Task requirements:
Repeat the entries that follow, exactly as they are written.

Information supplied:
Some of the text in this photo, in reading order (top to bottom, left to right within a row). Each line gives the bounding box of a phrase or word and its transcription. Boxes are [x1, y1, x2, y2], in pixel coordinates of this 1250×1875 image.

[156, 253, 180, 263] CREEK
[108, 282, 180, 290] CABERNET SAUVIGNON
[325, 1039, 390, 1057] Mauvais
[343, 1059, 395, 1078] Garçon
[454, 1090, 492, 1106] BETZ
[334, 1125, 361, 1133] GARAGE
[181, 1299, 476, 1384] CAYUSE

Response below:
Some of the text in this photo, in reading order (top to bottom, left to right within a row). Each line gives the bounding box of a phrase or word and its transcription. Boxes are [x1, y1, x2, y2], in pixel coordinates of this 1250×1875 image.

[156, 253, 180, 263] CREEK
[108, 282, 180, 290] CABERNET SAUVIGNON
[325, 1039, 390, 1057] Mauvais
[343, 1059, 395, 1078] Garçon
[454, 1090, 492, 1106] BETZ
[334, 1125, 361, 1133] GARAGE
[181, 1299, 476, 1384] CAYUSE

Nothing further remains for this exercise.